▸ **PROBLEM REQUIREMENTS**
This exercise calls for an exact copy of the listing, with no pictures kept.

──────────

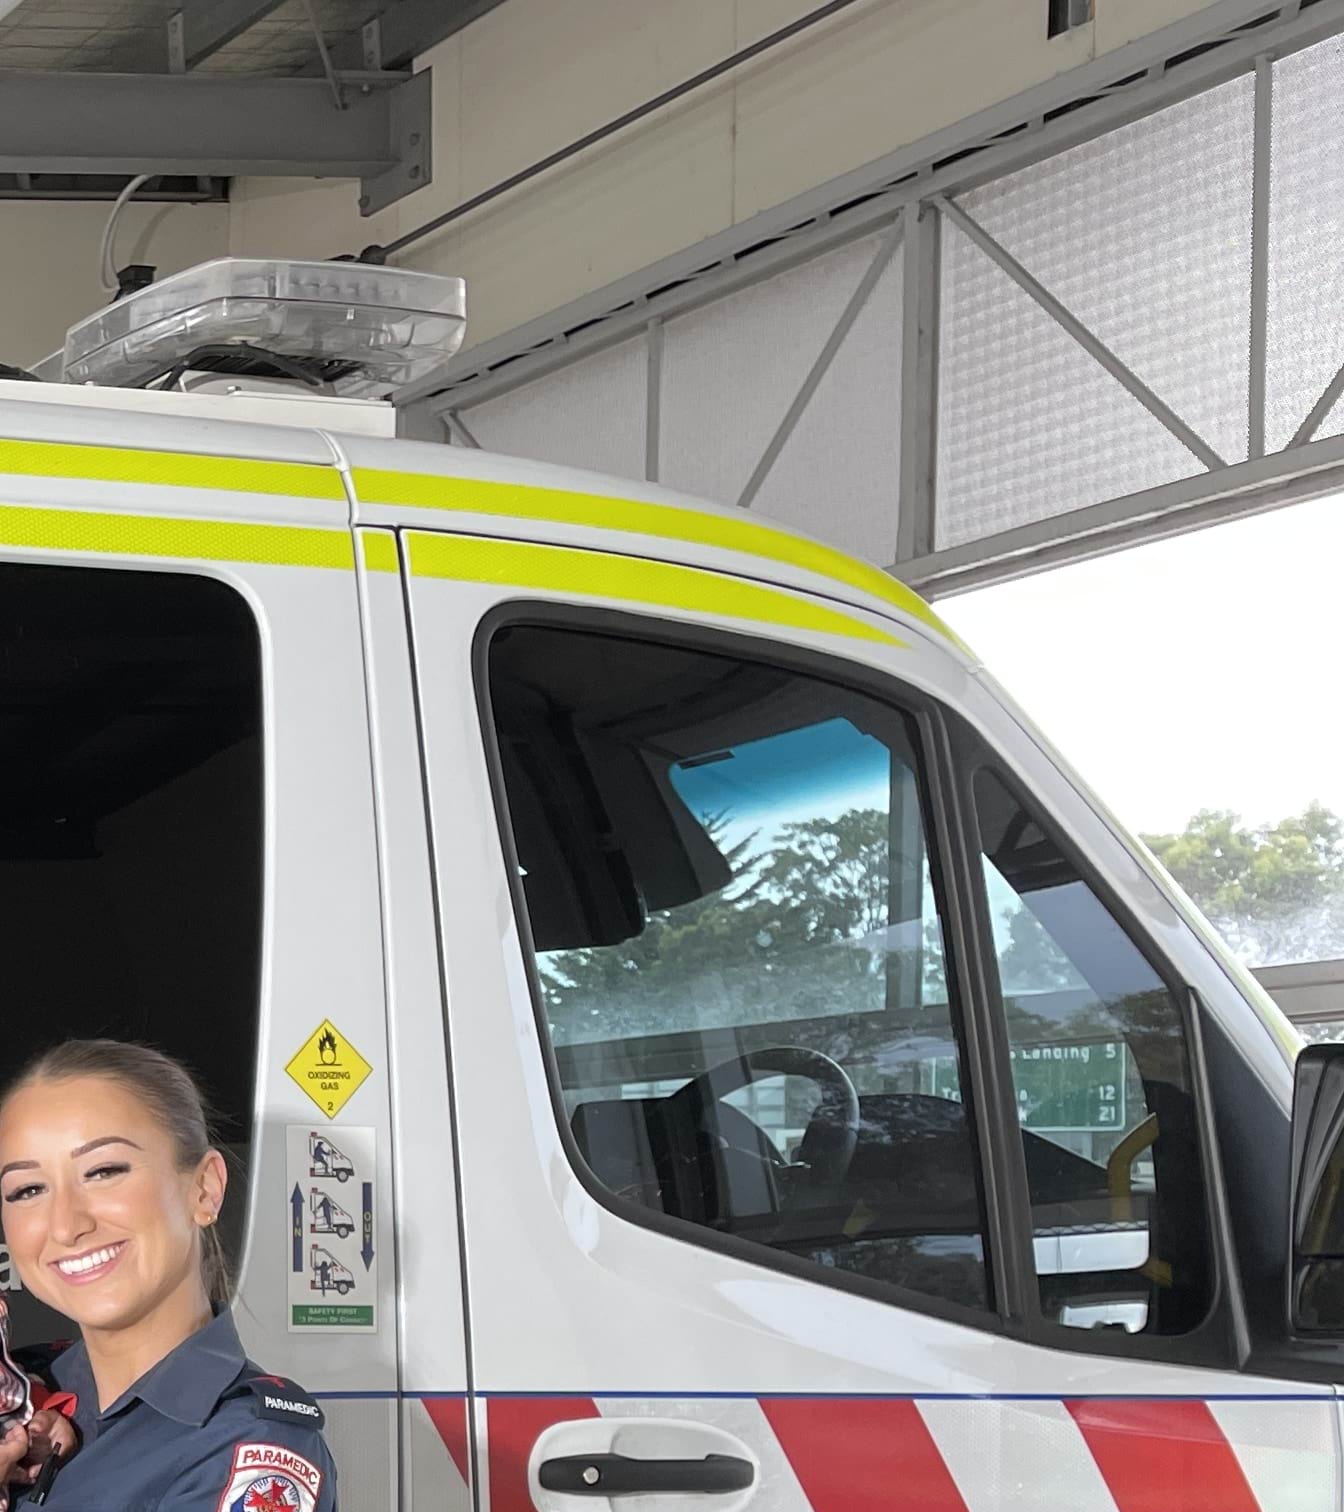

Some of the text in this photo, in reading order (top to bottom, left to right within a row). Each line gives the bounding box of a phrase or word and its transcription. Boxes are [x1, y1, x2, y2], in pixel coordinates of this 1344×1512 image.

[1106, 1044, 1116, 1059] 5
[308, 1072, 351, 1080] OXIDIZING
[320, 1082, 340, 1090] GAS
[1099, 1086, 1115, 1100] 12
[327, 1101, 334, 1111] 2
[1099, 1107, 1115, 1122] 21
[265, 1396, 320, 1418] PARAMEDIC
[242, 1449, 318, 1485] PARAMEDIC

──────────

▸ **ANSWER FOR THIS EXERCISE**
Some of the text in this photo, in reading order (top to bottom, left to right within a row). Each line gives the bounding box of a phrase or word and its transcription. Boxes are [x1, y1, x2, y2], in pixel coordinates of this 1344×1512 image.

[1106, 1044, 1116, 1059] 5
[308, 1072, 351, 1080] OXIDIZING
[320, 1082, 340, 1090] GAS
[1099, 1086, 1115, 1100] 12
[327, 1101, 334, 1111] 2
[1099, 1107, 1115, 1122] 21
[265, 1396, 320, 1418] PARAMEDIC
[242, 1449, 318, 1485] PARAMEDIC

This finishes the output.